Además de sus obras ensayísticas, sus tesis socio-políticas fueron expuestas en dos importantes ensayos denominados Carta al señor José Rafael Mosquera sobre los principios generales de organización social que conviene adoptar en la nueva Constitución de la República, publicado en El Granadino en 1842. El segundo ensayo, más moderado en el título, fue El partido conservador y su nombre, publicado en La Civilización en 1847. También merece mencionarse entre sus artículos políticos de largo título, el denominado Carta al doctor Joaquín Mosquera, sobre el principio utilitario enseñado como teoría moral en nuestros colegios, y sobre la relación que hay entre las doctrinas y las costumbres, en el cual ya era evidente el giro ideológico que había tomado, pues se constituyó en la refutación de las tesis utilitaristas de Bentham, las mismas que antes había tratado de conciliar con la religión. El cambio ideológico sufrido por Caro se observa ante todo en los fragmentos que dejó de la obra Ciencia social, la cual interrumpió debido al inesperado viaje a Estados Unidos. Se observa en este texto el gran saber enciclopédico y la mente organizada que tenía.
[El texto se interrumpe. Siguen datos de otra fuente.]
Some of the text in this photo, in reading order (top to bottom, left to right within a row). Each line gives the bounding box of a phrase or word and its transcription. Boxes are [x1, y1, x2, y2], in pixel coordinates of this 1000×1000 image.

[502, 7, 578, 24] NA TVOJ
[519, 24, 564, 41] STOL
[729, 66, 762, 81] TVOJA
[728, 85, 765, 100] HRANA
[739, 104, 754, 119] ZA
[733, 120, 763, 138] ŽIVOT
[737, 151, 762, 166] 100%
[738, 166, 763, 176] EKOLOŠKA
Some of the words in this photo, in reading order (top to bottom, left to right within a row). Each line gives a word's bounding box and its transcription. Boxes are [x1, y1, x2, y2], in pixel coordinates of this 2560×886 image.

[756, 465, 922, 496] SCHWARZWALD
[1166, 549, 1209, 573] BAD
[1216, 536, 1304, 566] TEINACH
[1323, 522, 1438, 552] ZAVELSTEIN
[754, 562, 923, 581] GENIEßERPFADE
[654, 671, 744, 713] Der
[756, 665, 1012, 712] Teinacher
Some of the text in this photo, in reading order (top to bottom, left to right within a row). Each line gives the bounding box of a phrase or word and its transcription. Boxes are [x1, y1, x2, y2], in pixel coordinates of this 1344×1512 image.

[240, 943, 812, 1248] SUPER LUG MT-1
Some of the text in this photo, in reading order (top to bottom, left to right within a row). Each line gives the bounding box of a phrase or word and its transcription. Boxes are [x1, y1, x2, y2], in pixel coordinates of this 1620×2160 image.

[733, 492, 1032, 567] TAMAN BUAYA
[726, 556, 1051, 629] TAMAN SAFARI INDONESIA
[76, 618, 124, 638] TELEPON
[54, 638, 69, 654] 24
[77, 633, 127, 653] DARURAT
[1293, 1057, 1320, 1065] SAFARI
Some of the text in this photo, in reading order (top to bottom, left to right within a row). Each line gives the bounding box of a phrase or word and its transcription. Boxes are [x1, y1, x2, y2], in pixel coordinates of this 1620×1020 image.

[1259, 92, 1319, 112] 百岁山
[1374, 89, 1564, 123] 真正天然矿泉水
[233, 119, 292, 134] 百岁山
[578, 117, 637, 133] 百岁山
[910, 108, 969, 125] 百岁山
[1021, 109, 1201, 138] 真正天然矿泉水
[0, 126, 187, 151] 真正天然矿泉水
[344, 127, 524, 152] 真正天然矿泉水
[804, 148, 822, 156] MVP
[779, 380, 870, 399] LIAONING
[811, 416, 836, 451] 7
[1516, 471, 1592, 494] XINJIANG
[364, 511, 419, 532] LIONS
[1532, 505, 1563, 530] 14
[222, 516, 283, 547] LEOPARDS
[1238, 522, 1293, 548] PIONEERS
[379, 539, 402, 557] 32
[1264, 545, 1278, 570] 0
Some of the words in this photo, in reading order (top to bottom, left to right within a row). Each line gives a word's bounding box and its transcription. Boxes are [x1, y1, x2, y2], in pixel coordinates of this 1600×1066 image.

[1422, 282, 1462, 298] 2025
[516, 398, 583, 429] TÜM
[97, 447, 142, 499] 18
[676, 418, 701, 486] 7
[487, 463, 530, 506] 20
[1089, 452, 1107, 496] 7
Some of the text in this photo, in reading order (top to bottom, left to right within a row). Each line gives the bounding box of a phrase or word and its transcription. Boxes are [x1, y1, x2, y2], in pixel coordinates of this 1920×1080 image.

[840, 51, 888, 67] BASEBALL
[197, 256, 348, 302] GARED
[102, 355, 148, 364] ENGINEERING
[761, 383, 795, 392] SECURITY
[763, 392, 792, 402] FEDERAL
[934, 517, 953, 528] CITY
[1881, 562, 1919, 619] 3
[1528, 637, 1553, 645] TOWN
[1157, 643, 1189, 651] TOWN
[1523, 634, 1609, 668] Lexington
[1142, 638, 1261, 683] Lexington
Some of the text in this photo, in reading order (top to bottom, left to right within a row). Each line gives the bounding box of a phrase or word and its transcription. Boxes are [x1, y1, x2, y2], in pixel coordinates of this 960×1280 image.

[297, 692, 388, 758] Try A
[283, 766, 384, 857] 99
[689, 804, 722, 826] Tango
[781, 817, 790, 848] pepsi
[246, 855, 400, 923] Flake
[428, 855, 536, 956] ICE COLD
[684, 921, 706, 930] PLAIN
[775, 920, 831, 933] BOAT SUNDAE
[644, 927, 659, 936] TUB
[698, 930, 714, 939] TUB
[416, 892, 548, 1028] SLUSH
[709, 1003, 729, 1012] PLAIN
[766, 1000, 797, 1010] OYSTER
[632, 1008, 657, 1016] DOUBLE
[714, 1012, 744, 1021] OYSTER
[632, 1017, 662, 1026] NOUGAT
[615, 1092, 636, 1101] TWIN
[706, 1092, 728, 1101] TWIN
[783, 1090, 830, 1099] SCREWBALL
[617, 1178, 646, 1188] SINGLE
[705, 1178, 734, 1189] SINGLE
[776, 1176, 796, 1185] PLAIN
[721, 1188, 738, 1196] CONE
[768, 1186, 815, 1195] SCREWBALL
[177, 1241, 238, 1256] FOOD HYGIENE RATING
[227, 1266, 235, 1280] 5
El pensador se hace presente con todo su bagaje cultural para defender los valores políticos y religiosos que heredó y asimiló a través de su familia.

 

Las poesías de Caro fueron recopiladas y publicadas en Bogotá, en 1857, por su amigo José Joaquín Ortiz. En 1885 fueron reeditadas en Madrid, con lo cual comenzó a tener el alcance universal que merecía. Sus poemas diseminados en periódicos nunca habían tenido la difusión deseada. Pero finalmente en 1883, los redactores de El Tradicionista, periódico fundado por su hijo Miguel Antonio, quien sería después vicepresidente de la República, se dieron a la tarea de ordenar la producción de Caro y la titularon Obras escogidas en prosa y verso. Esta recopilación se volvió a editar de nuevo en 1951, como un homenaje de la Biblioteca Popular de Cultura Colombiana, pero con el título Antología, versos y prosas. A su vez, el Ministerio de Educación, a través de su Extensión Cultural, publicó en 1953 el Epistolario del poeta y en 1954, sus Escrítos filosóficos. Estas ediciones estuvieron bajo la supervisión de Simón Aljure Chalela.

 

Pasaron casi cien años para que la obra de Caro tomara la forma de libro y dejara de ser condenada a los archivos periodísticos de consulta restringida. Pero quizás el mayor tributo que se le ha ofrecido a este poeta, para la interpretación de su obra, fue el estudio titulado La poesía de José Eusebio Caro, del profesor puertorriqueño José Luis Martín, que el Instituto Caro y Cuervo publicó en 1966.

 

A raíz de sus agresiones políticas, usando para ello su prosa mordaz, Caro debió permanecer en Nueva York desde 1850 hasta fines de 1852. A1 regresar al país, lo hizo a través de Santa Marta y la fiebre amarilla lo mató, el 28 de enero de 1853, cuando apenas contaba con 36 años de edad. Caro escribió, además, La necesidad de expansión, La cuestión moral, Historia del 7 de marzo de 1849, Escritos históricos y políticos y Opúsculos.

 

José Eusebio sólo vivió dos años de su niñez en su ciudad natal, y volvió a ella en 1841 cuando tenía 24 años. Caro era Secretario de Hacienda de la Nación, pero decidió apoyar las fuerzas del general Pedro Alcántara Herrán y marchar a Ocaña, a favor de las ideas conservadoras, partido del cual es cofundador con el Dr. Mariano Ospina Rodríguez.

 

José Eusebio Caro, murió muy joven, pues sólo vivió 36 años; pero para gloria de la Nación, se proyectó en su hijo el Dr. Miguel Antonio Caro Tobar, (1843 - 1909) poeta, gramático, filósofo, teólogo, legista, crítico y maestro. Presidente de Colombia en el periodo (1894 - 1898)

 

 

Fuentes

 

ALJURE CHALELA, Simón. Bibliografía de José Eusebio Caro. Poesía. Boletín Cultural y Bibliográfico, 19/4 (1982), pp. 146-157. CÁRDENAS, Santiago. José Eusebio Caro. La Gran Enciclopedia de Colombia del Círculo de Lectores, tomo de biografías. Disponible en Internet en: http://www.lablaa.org/blaavirtual/biografias/carojose.htm. 05 de marzo de 2008. CARO, José Eusebio. Poesías completas. Bogotá, Instituto Colombiano de Cultura Hispánica, s.f.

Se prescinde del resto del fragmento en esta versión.